Tryin to start a routine with priority being mass and strength being second in line. I'm thinking 4 - 6 reps, high weight, 1 1/2 - 2 min rest times?
Got a little knee trouble at the moment so I can't hit squats or deads 
(i know sucks dont it).. But I want to lift 3 - 5 days a week. What some of you pros got in mind?
what workouts for back/bi, chest/tri, shoulder/legs
I got a nice gym to lift so i got like every resistance machine, so that'll help with my back and leg workouts to keep from blowin out my knee..
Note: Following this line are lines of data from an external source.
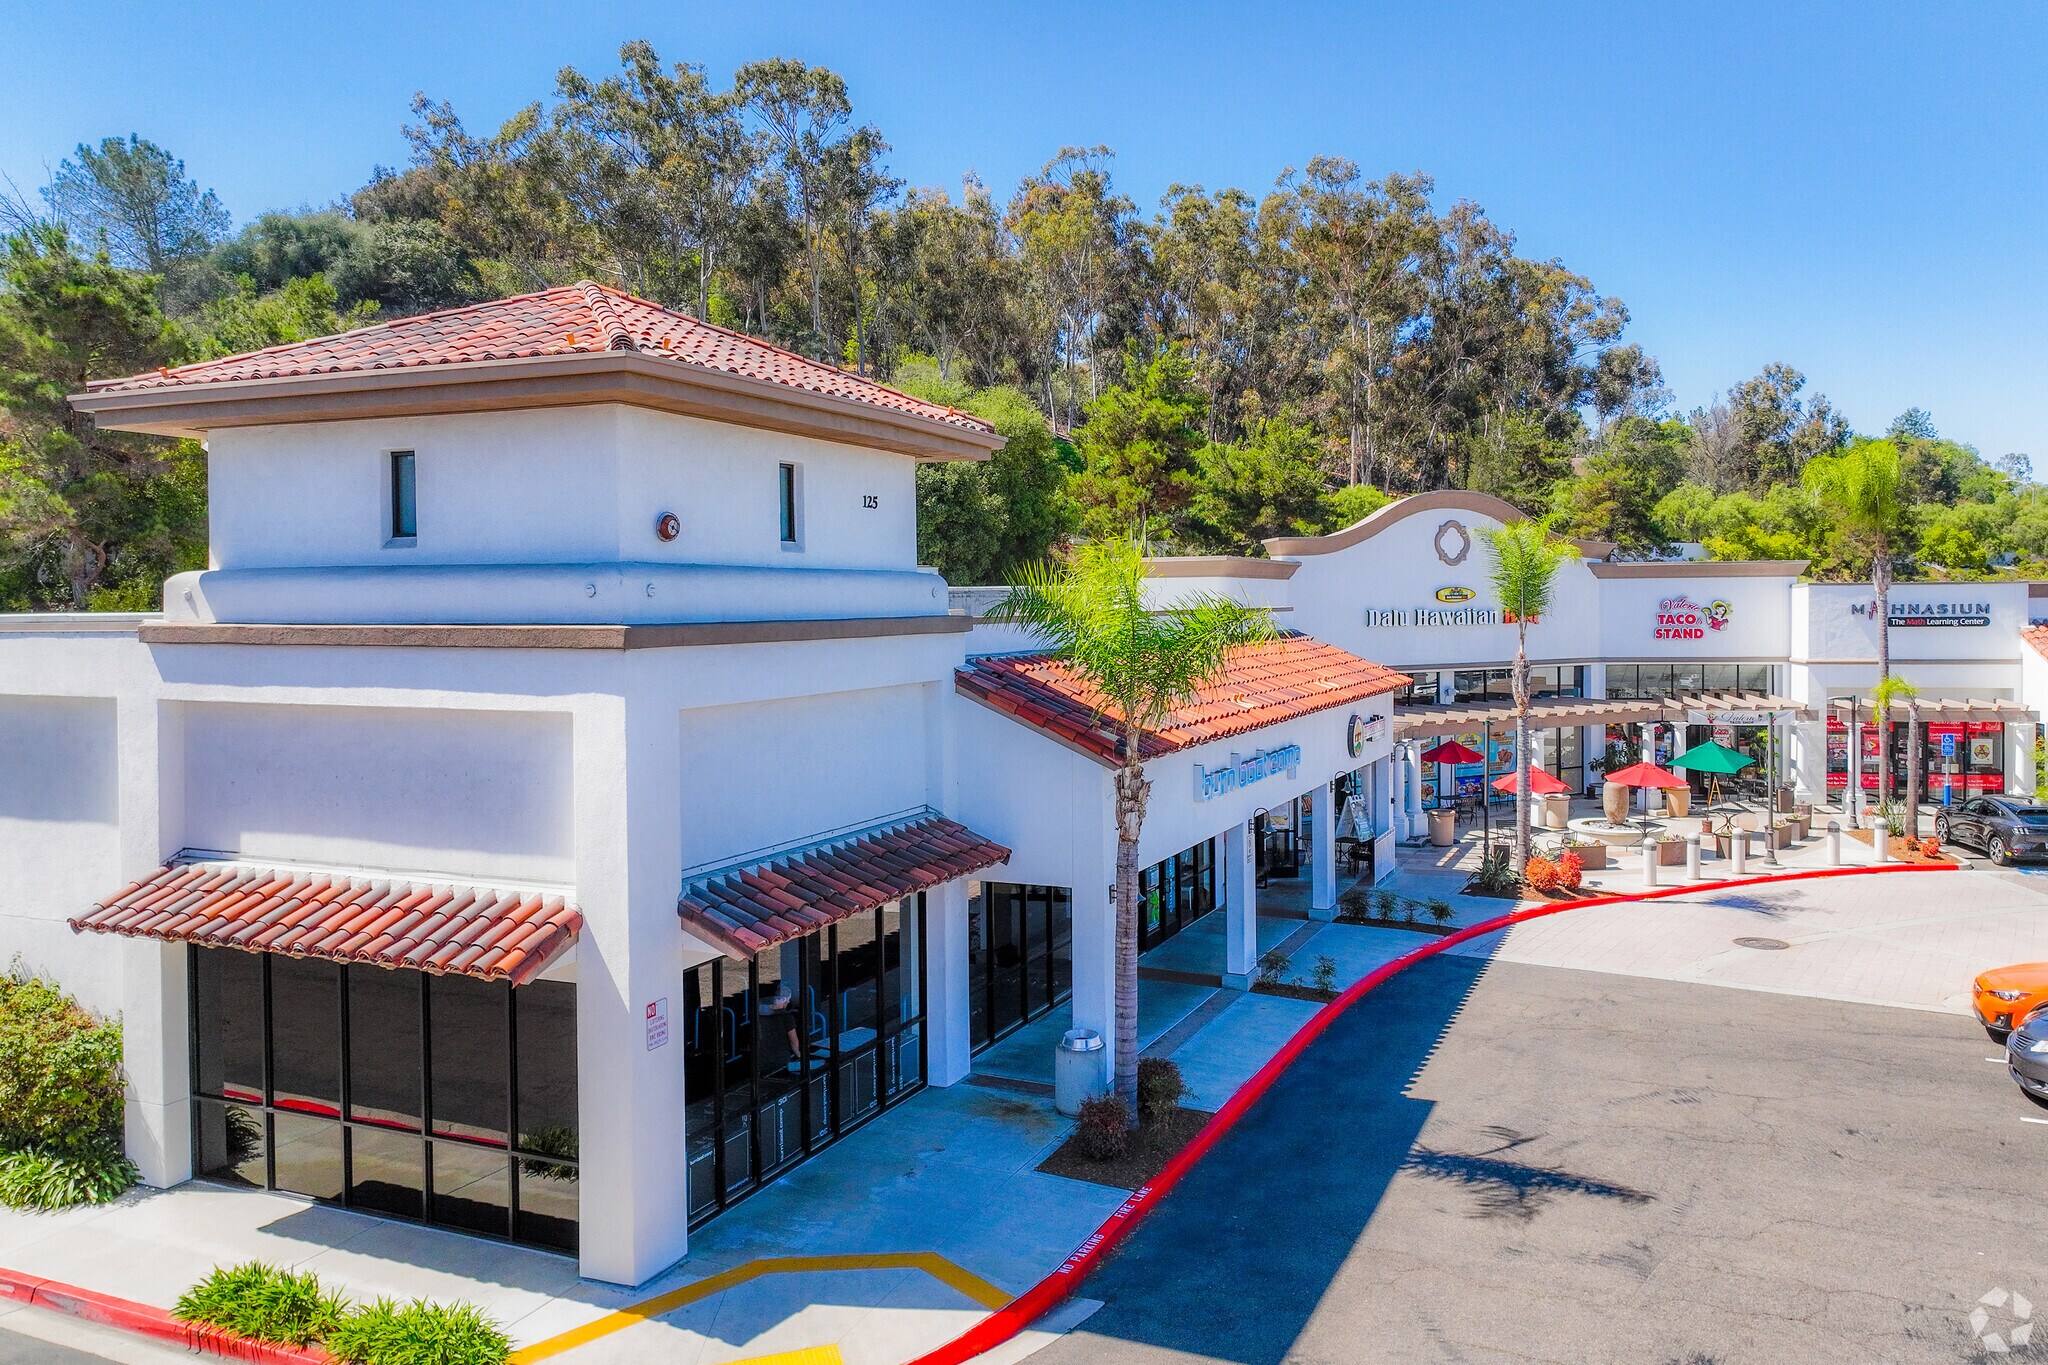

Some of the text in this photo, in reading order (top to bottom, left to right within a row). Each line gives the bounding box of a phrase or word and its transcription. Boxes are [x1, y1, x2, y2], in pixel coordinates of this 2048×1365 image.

[862, 495, 878, 509] 125
[1415, 608, 1498, 626] Hawaiian
[1851, 600, 1990, 620] MAHNASIUM
[1657, 614, 1697, 625] TACO
[1891, 618, 1985, 627] The Math Learning Center
[1655, 628, 1705, 639] STAND
[1201, 745, 1301, 803] burn boot camp
[647, 1003, 656, 1018] NO
[1058, 1186, 1153, 1275] NO PARKING FIRE LANE
25yo, 190lb, 6'2'', trying to fill out. bmr is like 2100. Ima be takin in like 2700 cals a day.. whey prot, multi, fiber, and fish oils..

thanx in advance.


----------



## Bonesaw (Jun 15, 2011)

well i do an upper lower split mon tues, thru friday, of all compound lifts.  You could try a push pull legs workout.


----------



## HP08 (Jun 15, 2011)

compound movements... O and you might try doing bi/tri on the same day works for me


----------



## trapzilla (Jun 15, 2011)

I think;
chest/tris
back/traps
legs
delts/traps
arms

works well


----------



## hurkulees (Jun 15, 2011)

aight hadnt thought bout push pull.. noone does that anymore.. folks dont kno what their missin out on.
which creatine should i get balls deep in? Monohydrate i suspect, which brand do yal prefer?
an any other supps yal think can help, lemme kno bout em..


----------



## Bonesaw (Jun 15, 2011)

any creatine mono, any brand.  Get a multi and some flax seed or fish oil.


----------



## troubador (Jun 15, 2011)

hurkulees said:


> Got a little knee trouble at the moment so I can't hit squats or deads
> (i know sucks dont it).. But I want to lift 3 - 5 days a week. What some of you pros got in mind?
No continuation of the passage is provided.